Their conclusion is that the glycemic index of the foods “does not significantly improve cardiovascular risk factors or insulin resistance.” I am commenting on this very short-term study mostly because the last study published seems to have disproportionate weight in the minds of most of us… a few issues:
–This is a really short-term, though highly controlled study (done in research units of academic medical centers)
–Several, but not all studies of low GI diet, have found an increase in HDL and decrease in triglycerides (eg, see JAMA. 2007;297:2092-2102; or N Engl J Med 2008;359:229-41). this last study compared a calorie restricted low fat diet (1500 kcal/d for women, 1800 kcal/d for men) with calorie-restricted Mediterranean diet (same restrictions) vs. unrestricted low carb diet, finding the most weight loss over 2 years was in the calorie-unrestricted low carb diet. So, one interesting point is that those on low carb diets naturally eat less, perhaps related to the fact that, as opposed to carbs, fats do decrease appetite by their effect on the hypothalamic satiety center.
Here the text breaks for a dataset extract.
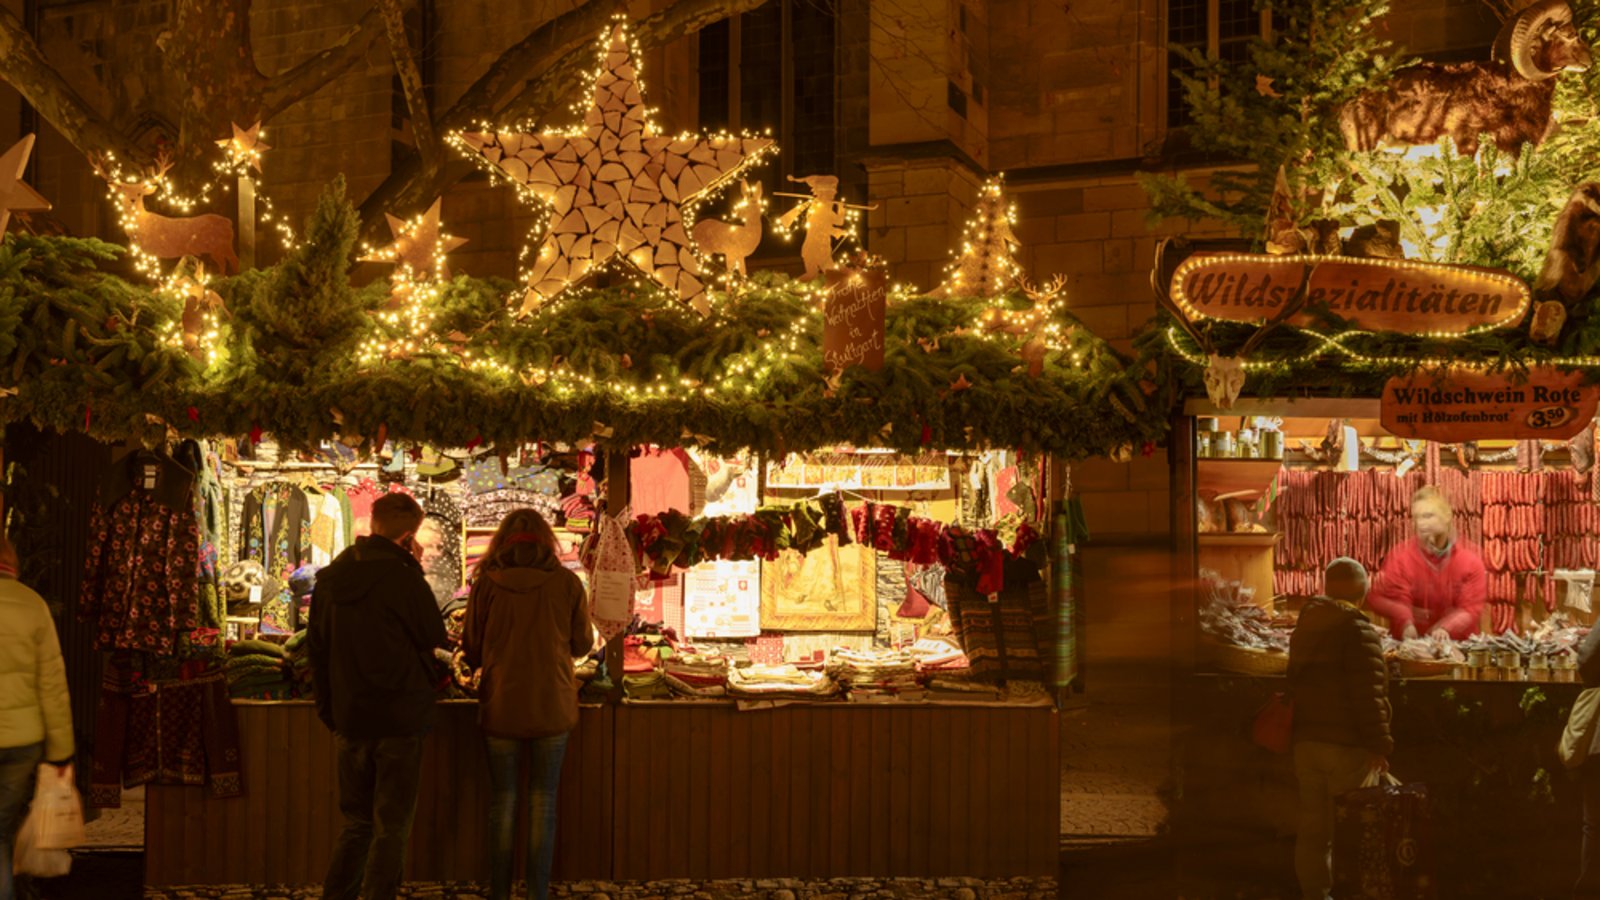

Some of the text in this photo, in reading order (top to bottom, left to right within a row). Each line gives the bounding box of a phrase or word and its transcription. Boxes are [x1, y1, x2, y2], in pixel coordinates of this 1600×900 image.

[849, 327, 861, 338] in
[825, 329, 881, 368] Stuttgart
[1393, 386, 1581, 405] Wildschwein Rote
[1396, 411, 1418, 423] mit
–A low carb vs low fat diet in 148 men and women at 12 months recently found a significant weight loss (3.5 kg), ratio of HDL/triglycerides, and increases in HDL (see Ann Intern Med. 2014;161:309-318)
–An interesting study found that low fat diets, as compared to very low carbohydrate and low GI diets (all isocaloric), led to decreases in resting and total energy expenditure – I.e., the low fat diet led to a compensatory decrease in energy expenditure, which could contribute to weight gain (see JAMA. 2012;307(24):2627-2634).
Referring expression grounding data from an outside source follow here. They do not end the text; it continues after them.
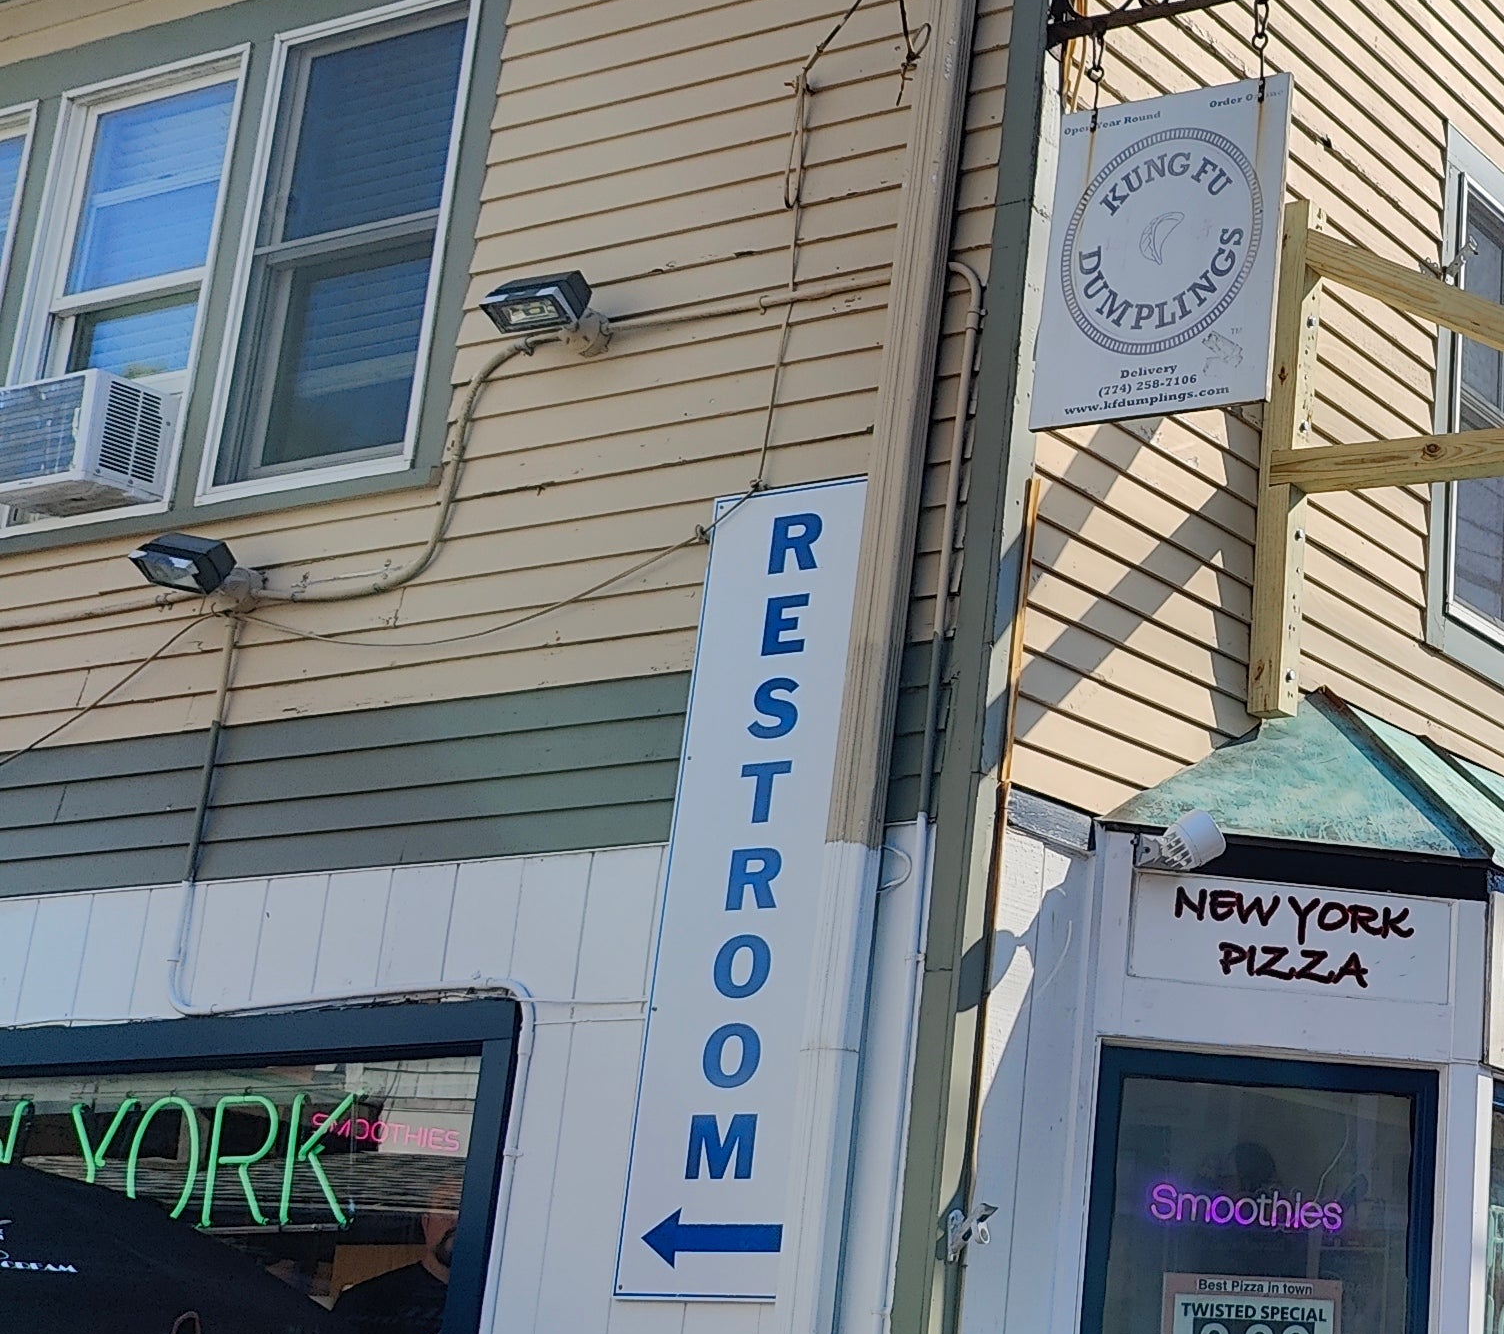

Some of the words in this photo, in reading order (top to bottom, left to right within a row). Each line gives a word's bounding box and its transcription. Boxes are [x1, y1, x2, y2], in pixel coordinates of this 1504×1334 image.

[1123, 111, 1161, 126] Round
[1209, 96, 1242, 109] Order
[1099, 152, 1191, 216] KUNG
[1191, 156, 1233, 197] FU
[1079, 227, 1244, 330] DUMPLINGS
[1099, 383, 1132, 398] (774)
[1136, 374, 1197, 392] 258-7106
[1120, 364, 1178, 380] Delivery
[1064, 386, 1230, 415] www.kfdumplings.com
[684, 512, 823, 1181] RESTROOM
[1174, 885, 1281, 928] NEW
[1287, 894, 1415, 946] YORK
[1218, 941, 1369, 988] PIZZA
[71, 1090, 367, 1228] YORK
[1150, 1182, 1344, 1231] Smoothies
[1198, 1278, 1228, 1292] Best
[1231, 1280, 1264, 1293] Pizza
[1282, 1283, 1313, 1296] town
[1180, 1302, 1257, 1319] TWISTED
[1260, 1305, 1327, 1323] SPECIAL
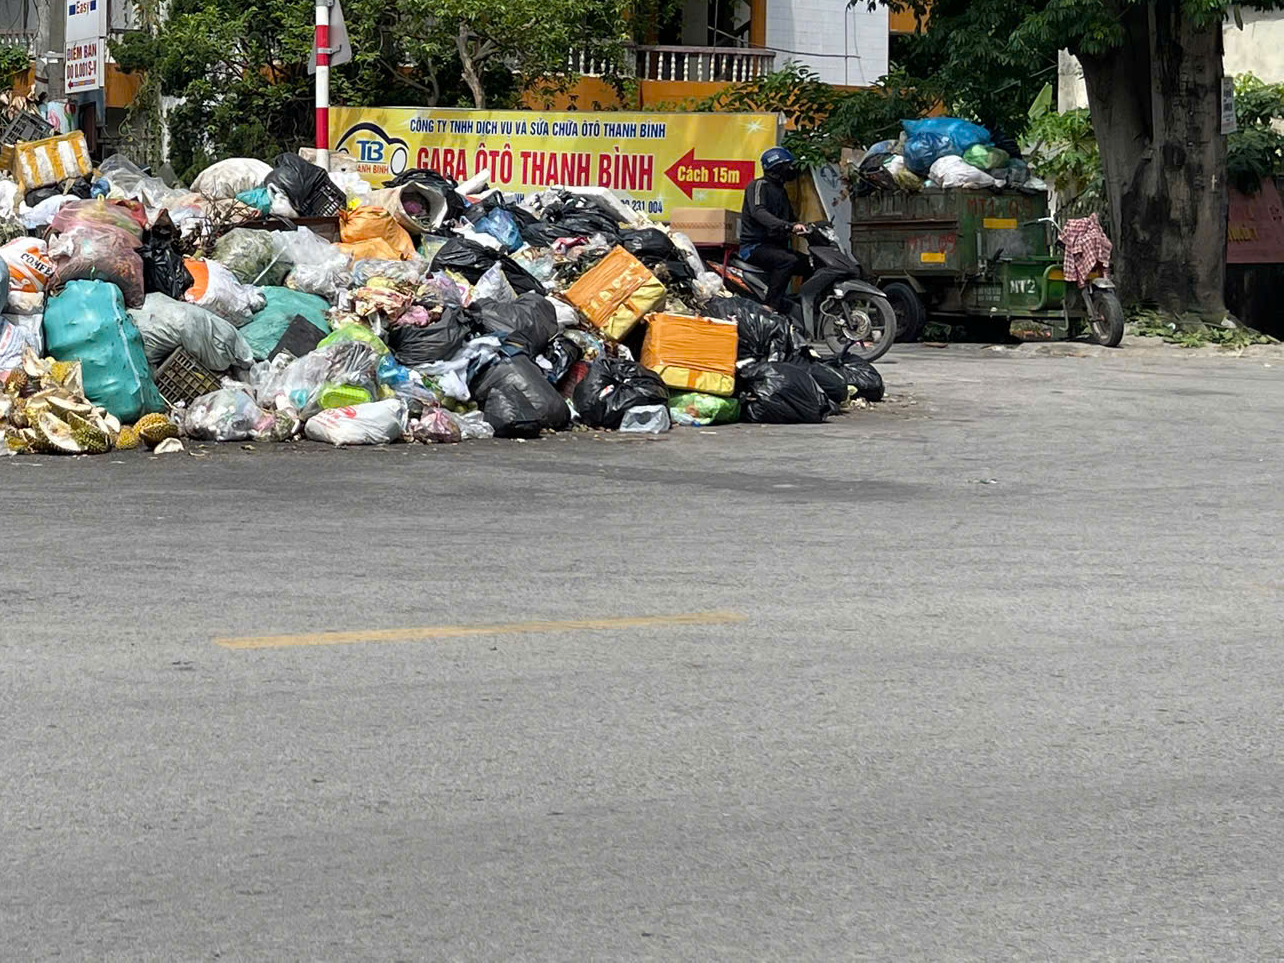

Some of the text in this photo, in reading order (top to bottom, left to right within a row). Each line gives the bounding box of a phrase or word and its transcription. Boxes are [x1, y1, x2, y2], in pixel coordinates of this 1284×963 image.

So, as a perspective on this study, there is reaffirmation that a DASH diet is healthier than the “usual diet”, with decreases in blood pressure and LDL. Although this very short-term study did not find additional value to the low GI diet, most other studies I’ve seen show lipid benefits even in nondiabetic patients. perhaps the issue with this study is having the underlying DASH diet (the first such study I have seen), though before making broad conclusions, it would be useful to have a confirmatory trial with longer diet durations. I also think that for many patients, eating a calorie-unrestricted low GI diet is easier than the comparable calorie-restricted low fat or Mediterranean diets, with at least as good results. This study, of note, does not deal with an important aspect of the low GI diet: in the prevention or treatment of diabetes.